The Pound US Dollar (GBP/USD) exchange rate is building on yesterday’s gains, climbing nearly 0.4% to break above $1.37.

UK GDP growth data and renewed Brexit optimism have boosted Sterling support, while the US Dollar slips on retreating US Treasury yields after September’s inflation data and release of the Federal Open Market Committee (FOMC) meeting minutes.

Pound (GBP) Buoyed by GDP and Brexit Optimism

The Pound (GBP) is buoyant this morning following yesterday’s UK GDP data and new proposals from the EU on the Northern Ireland protocol.

Growth data released yesterday morning showed the UK economy rebounded from a -0.1% contraction in July to 0.4% expansion in August.

According to the Office for National Statistics (ONS), services grew by 0.3%, up from a -0.1% decline in July, and manufacturing increased by 0.5% in August after a -0.6% contraction.

GBP exchange rates are receiving support this morning from the EU’s plan to scrap many of the post-Brexit checks on goods arriving in Northern Ireland from the rest of the UK.

Under the proposal, the EU says spot checks will reduce by about 80% and customs paperwork cut by 50%.

The EU’s ambassador to the UK João Vale de Almeida described the plan as ‘unprecedented’, saying:

“What we have presented in Brussels today is unprecedented.
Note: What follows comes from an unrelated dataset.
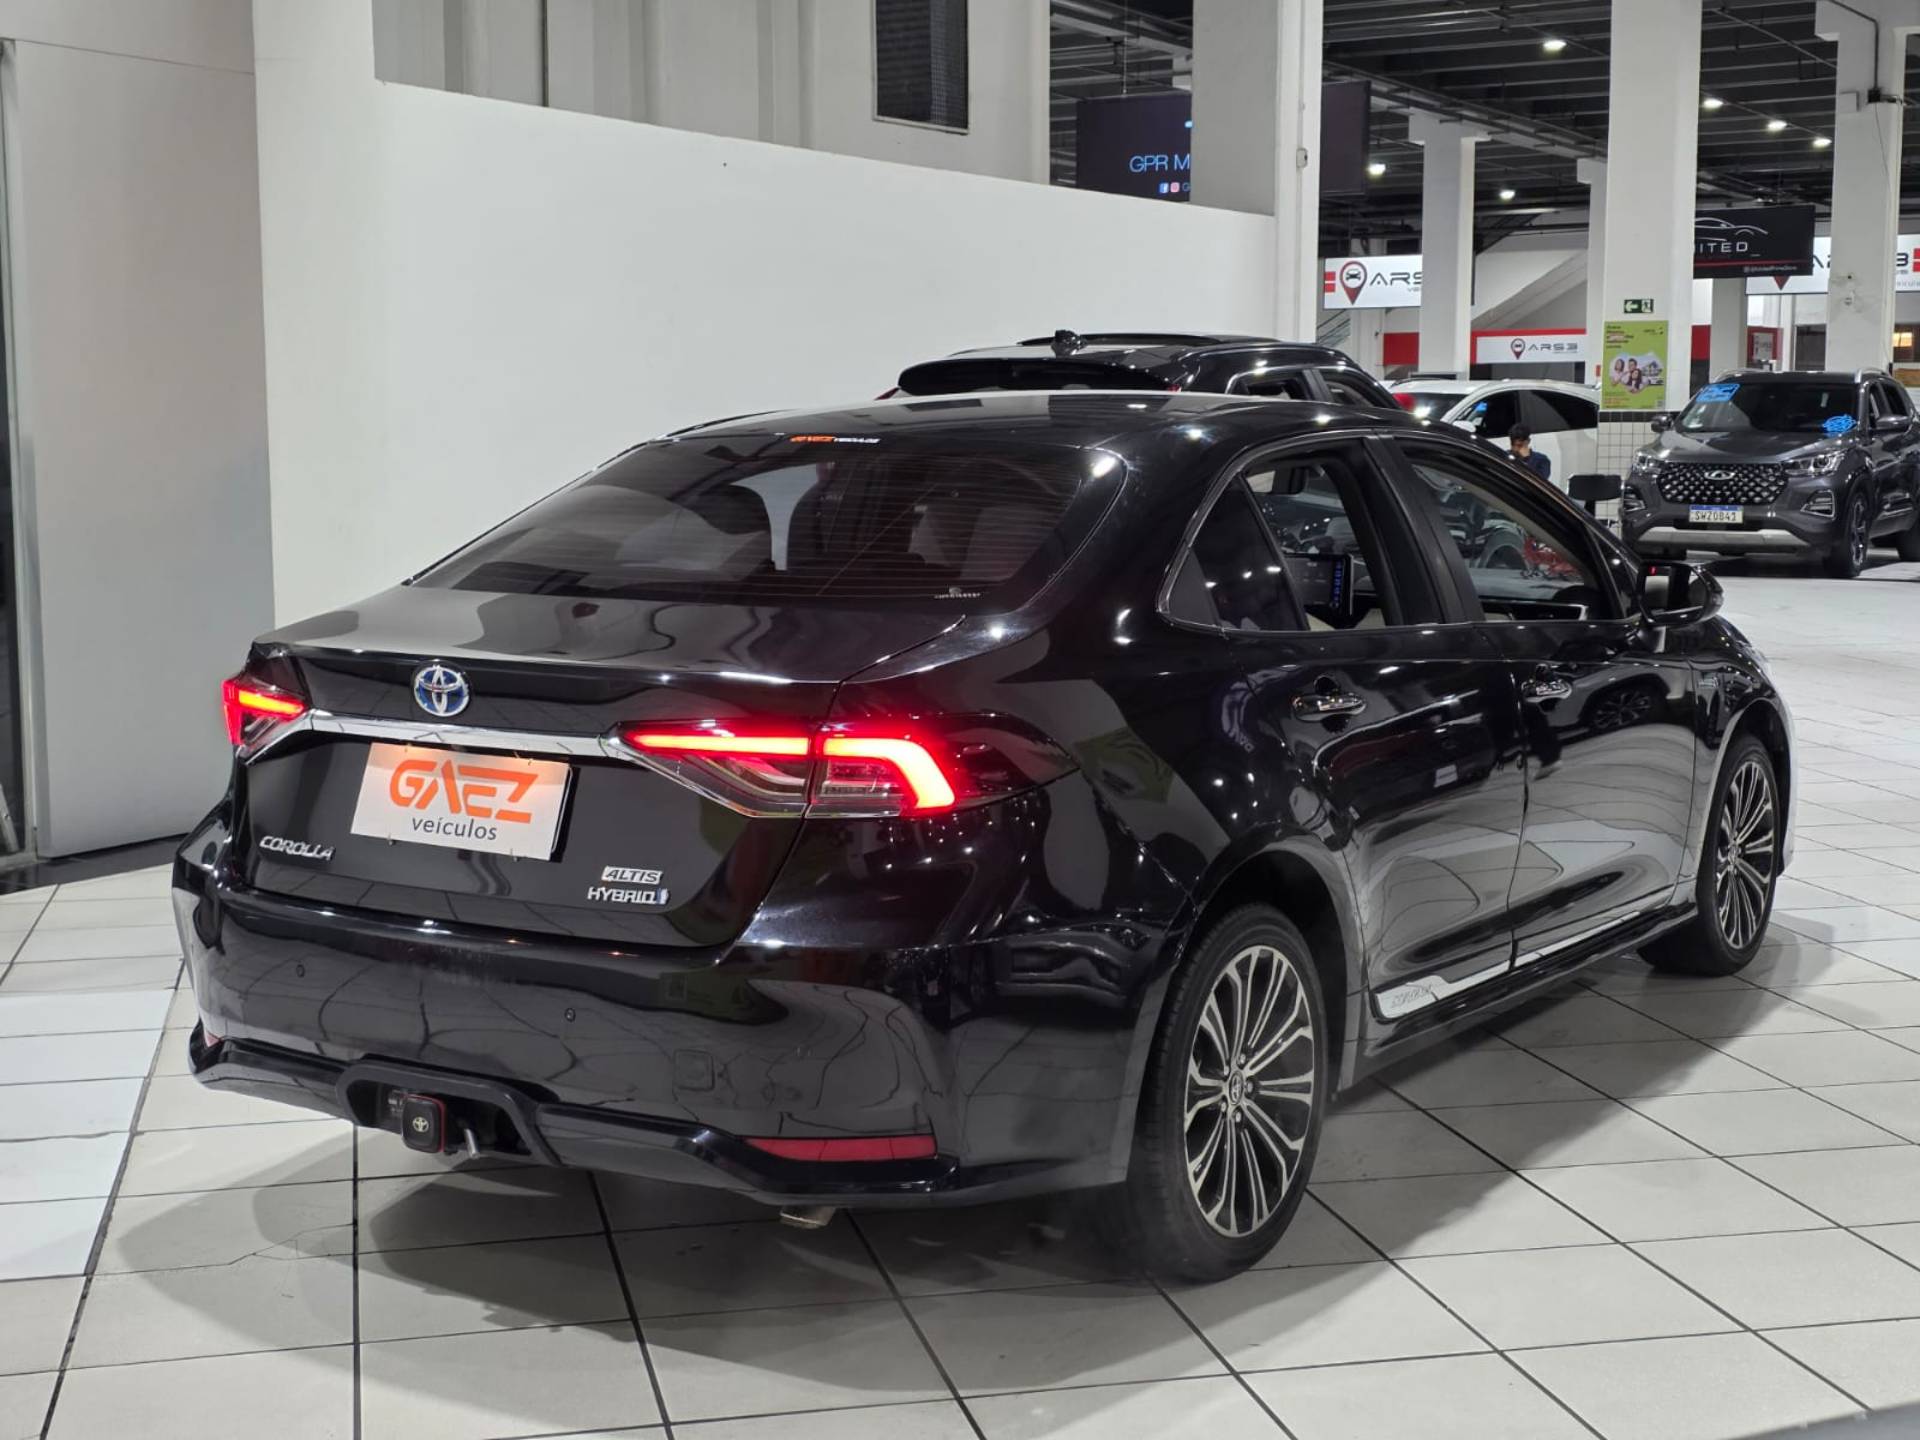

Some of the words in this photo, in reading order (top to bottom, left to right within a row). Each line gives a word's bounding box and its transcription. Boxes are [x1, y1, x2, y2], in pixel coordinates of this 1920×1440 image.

And I have been working for the EU for almost 40 years now.

“What we have done today goes very far. We went the extra mile to address the problems that were created by Brexit in Northern Ireland, which the protocol tries to mitigate.”

Optimism that the UK and EU will come to an agreement on the ongoing contentious issue of the Northern Ireland protocol, has boosted the Pound and pushed GBP/USD higher.

US Dollar (USD) Dips Following Inflation Data and FOMC Minutes

The US Dollar (USD) retreated through yesterday’s session, and is weakening again today in line with US Treasury yields that fell back following September’s inflation data and FOMC minutes.

After the data and minutes publications, market risk appetite also improved, and weighed on safe-haven demand for the ‘Greenback’.

US inflation came in slightly higher-than-expected at 5.4% in September, above last month’s reading and forecast at 5.3%. Core inflation, excluding more volatile goods such as food and energy, met expectation at 4%.

Investors appeared to view the data as unlikely to alter the Federal Reserve’s stance on tapering, with analysts believing that inflation is unlikely to add to the case that evidence is becoming uncontrollable.

Meanwhile, the FOMC minutes from its latest policy meeting reaffirmed expectations that the Fed will begin tapering its bond-buying in mid-November or mid-December.

The minutes showed:

“Participants generally assessed that, provided that the economic recovery remained broadly on track, a gradual tapering process that concluded around the middle of next year would likely be appropriate.”

Fed officials also discussed an ‘illustrative plan’ to reduce asset purchases by $15 billion per month.

In addition, the minutes reiterated that the Fed view that this year’s rise in inflation would prove to ‘transitory’.

Consequently, US Treasury yields dipped and market mood improved, weighing on the US Dollar.

Pound US Dollar Forecast: Will the Pound Extend Gains on Brexit Optimism?

With expectations for rate hikes and tighter monetary policy increasingly becoming priced in, the Pound US Dollar exchange rate looks likely to be driven by UK-EU negotiations on border checks in Northern Ireland, market risk appetite, and the energy crisis that threatens the UK economy.

As long as the UK and EU can move towards making an agreement on the Northern Ireland protocol, the Pound may strengthen.

US data releases through the rest of the week may also drive volatility.

Retail sales are forecast to have fallen in September in the US to a -0.2% contraction, down from 0.7% in August.

However, USD sentiment could receive some support from the Michigan consumer confidence sentiment index looks set to rise slightly in September, although remaining near yearly lows.